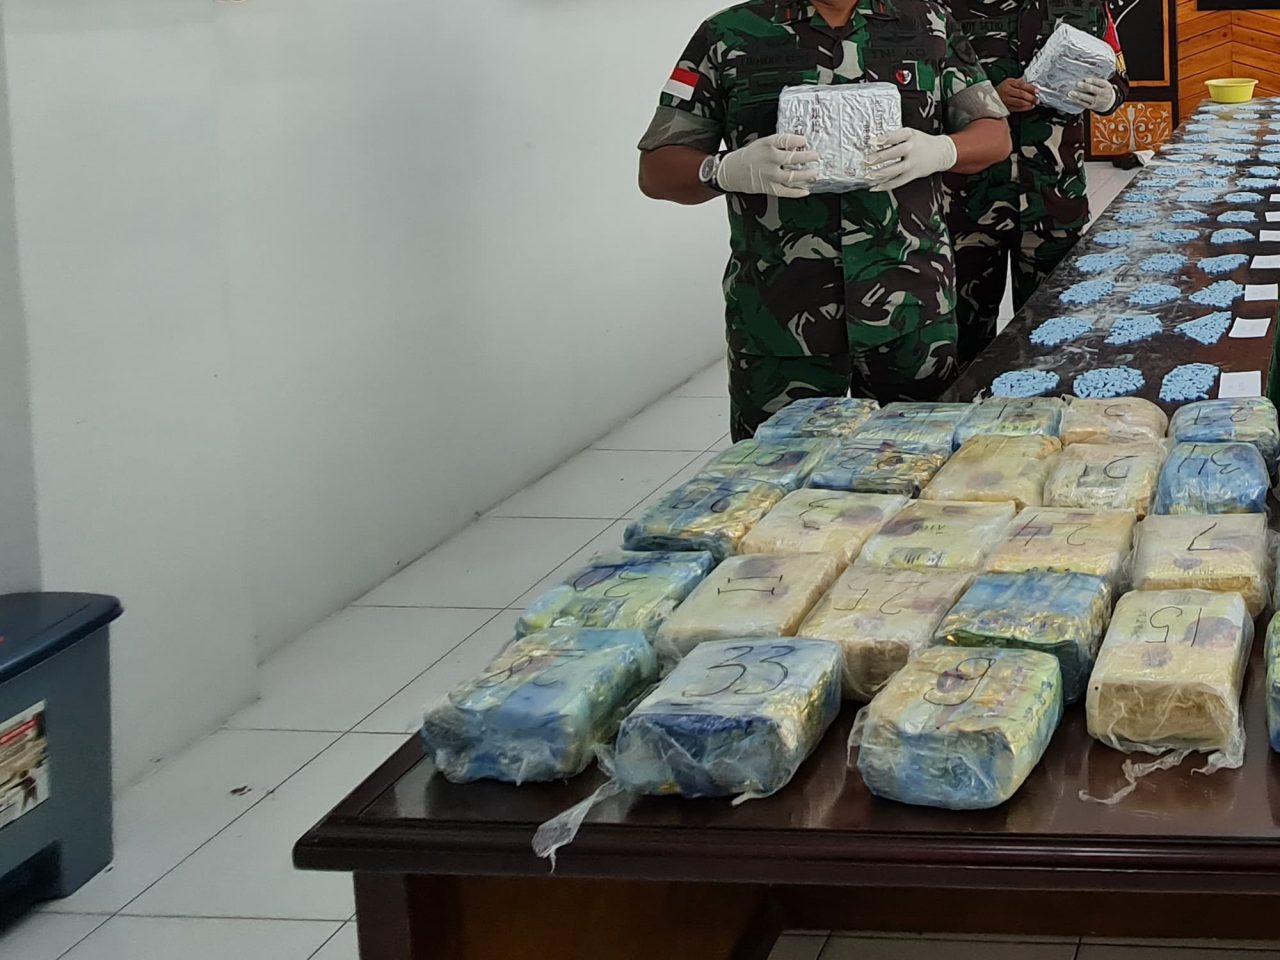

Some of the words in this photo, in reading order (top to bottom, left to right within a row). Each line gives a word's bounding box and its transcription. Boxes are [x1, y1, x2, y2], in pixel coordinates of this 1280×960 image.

[1177, 444, 1241, 475] 34
[1186, 522, 1224, 552] 7
[1145, 606, 1203, 648] 15
[681, 645, 796, 697] 33
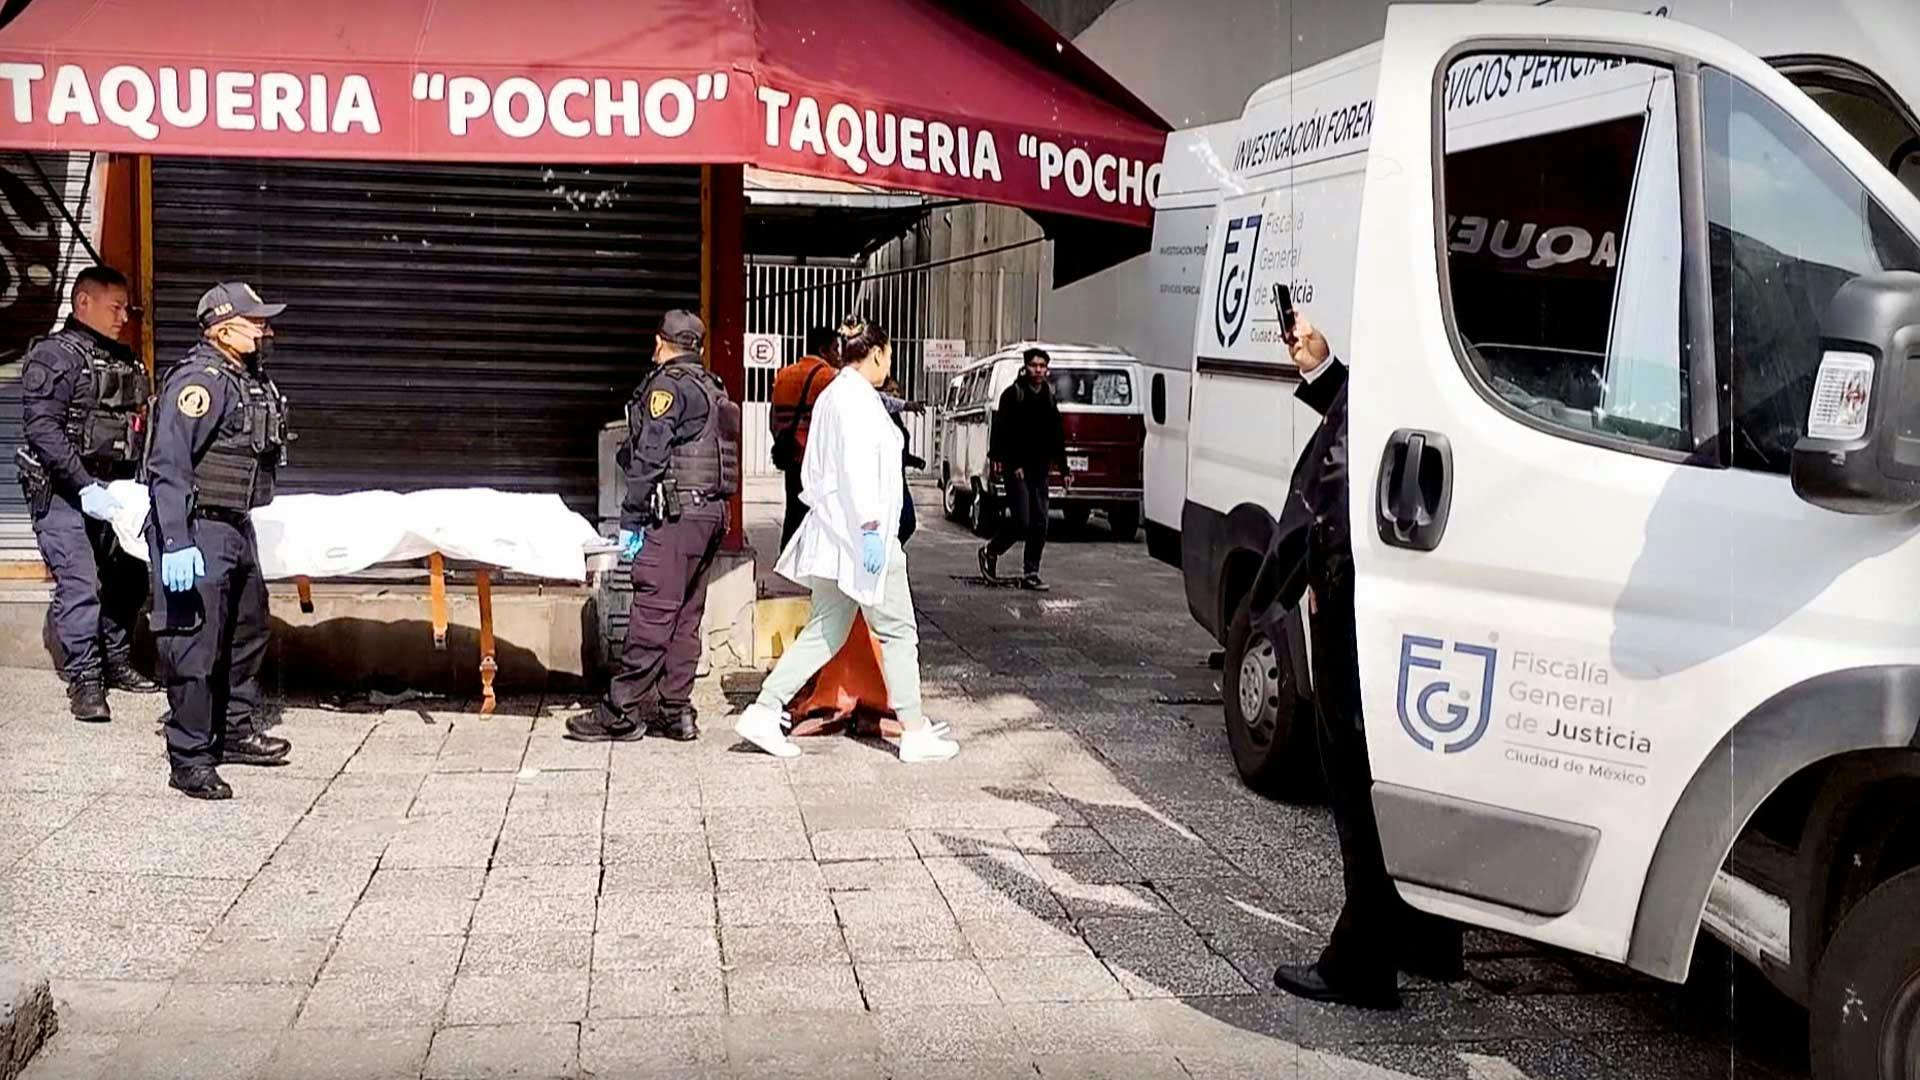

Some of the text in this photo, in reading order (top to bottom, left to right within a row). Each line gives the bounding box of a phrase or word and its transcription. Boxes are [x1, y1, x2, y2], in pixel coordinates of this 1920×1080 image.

· · · · ·

**EXERCISE DETAILS:** Could you set down every record above exactly as written, leaving out the pictures?

**TASK SOLUTION:**
Some of the words in this photo, in reading order (top to bottom, left to right within a row). Each line gives a word's bounding box and its transcription. Boxes are [x1, y1, x2, y2], in pixel coordinates of this 1280×960 image.

[1177, 444, 1241, 475] 34
[1186, 522, 1224, 552] 7
[1145, 606, 1203, 648] 15
[681, 645, 796, 697] 33

Some of the text in this photo, in reading order (top to bottom, left to right within a row). Each line gives the bounding box of a phrase or word and its transcription. Boxes are [x1, y1, x2, y2], in pixel coordinates of this 1920×1080 image.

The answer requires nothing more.